◆ EXERCISE BRIEF: If a record contains a picture, skip the picture and transcribe the rest exactly.

START EXTRACTED RECORDS

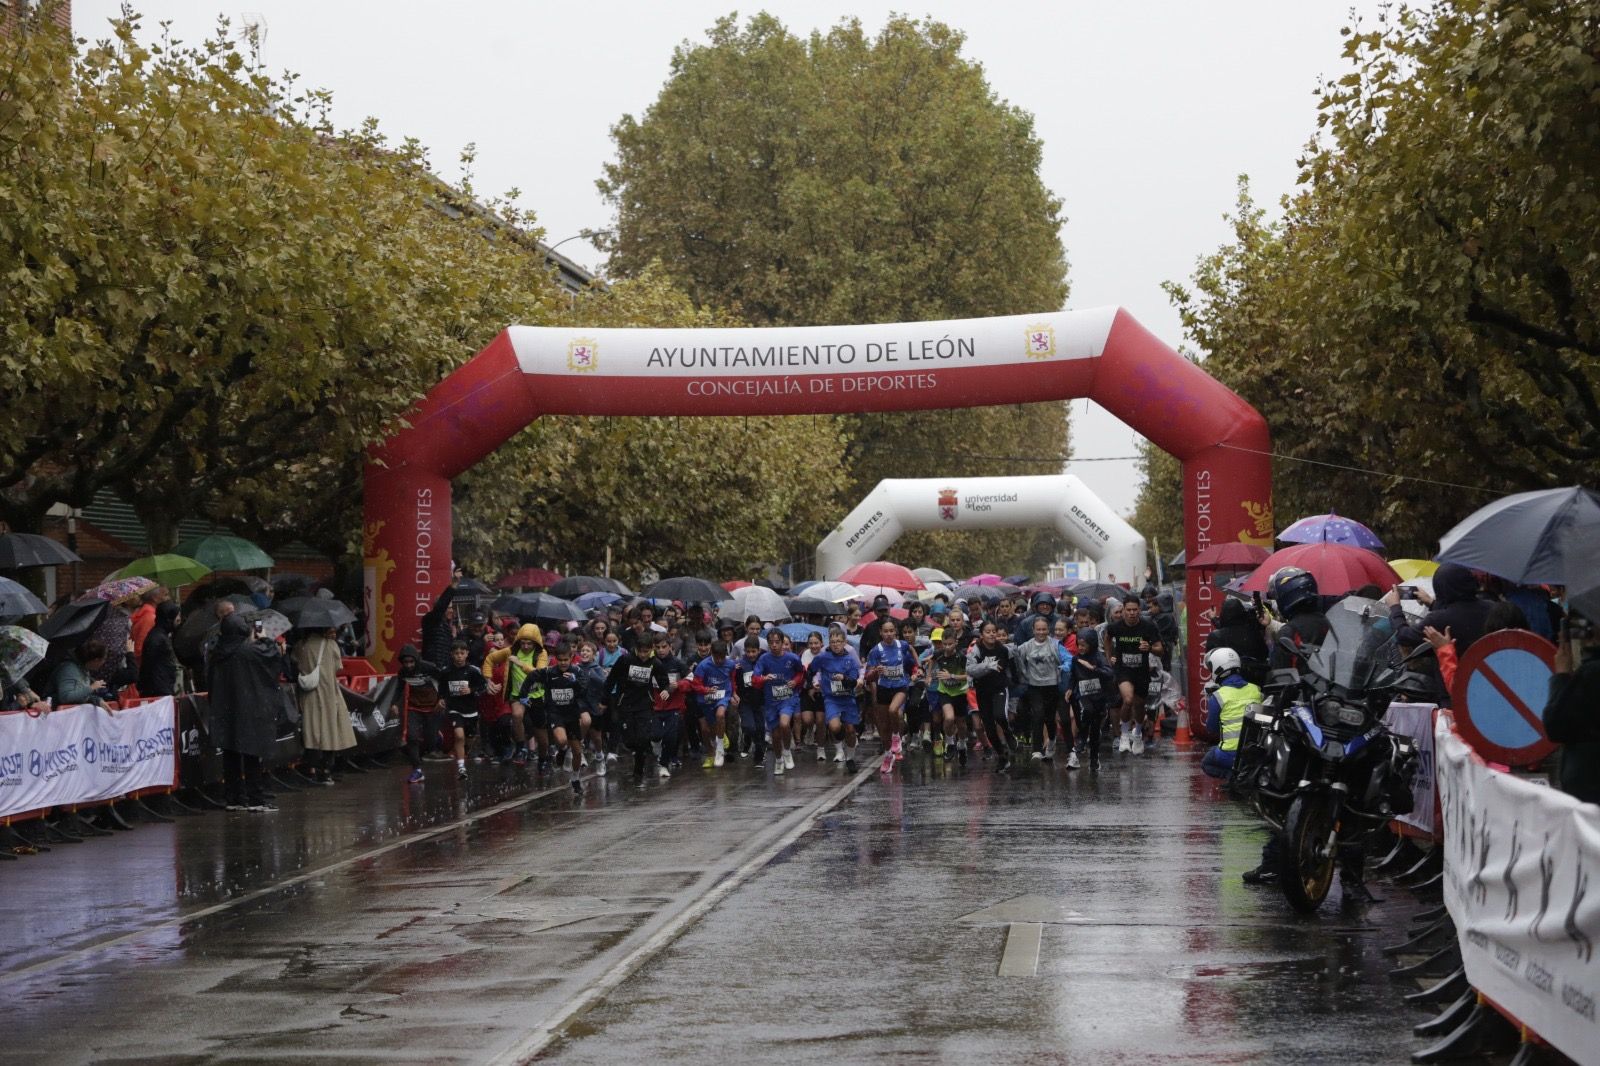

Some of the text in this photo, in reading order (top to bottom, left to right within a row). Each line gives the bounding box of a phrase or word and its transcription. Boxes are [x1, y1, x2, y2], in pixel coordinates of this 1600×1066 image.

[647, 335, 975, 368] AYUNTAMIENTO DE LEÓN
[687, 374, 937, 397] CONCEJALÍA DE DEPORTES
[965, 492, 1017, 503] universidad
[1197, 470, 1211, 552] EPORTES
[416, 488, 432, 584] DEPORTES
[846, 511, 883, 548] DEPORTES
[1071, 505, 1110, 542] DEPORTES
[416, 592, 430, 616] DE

END EXTRACTED RECORDS

◆ EXERCISE OUTPUT:
Some of the text in this photo, in reading order (top to bottom, left to right within a row). Each line gives the bounding box of a phrase or word and its transcription. Boxes are [x1, y1, x2, y2], in pixel coordinates of this 1600×1066 image.

[647, 335, 975, 368] AYUNTAMIENTO DE LEÓN
[687, 374, 937, 397] CONCEJALÍA DE DEPORTES
[965, 492, 1017, 503] universidad
[1197, 470, 1211, 552] EPORTES
[416, 488, 432, 584] DEPORTES
[846, 511, 883, 548] DEPORTES
[1071, 505, 1110, 542] DEPORTES
[416, 592, 430, 616] DE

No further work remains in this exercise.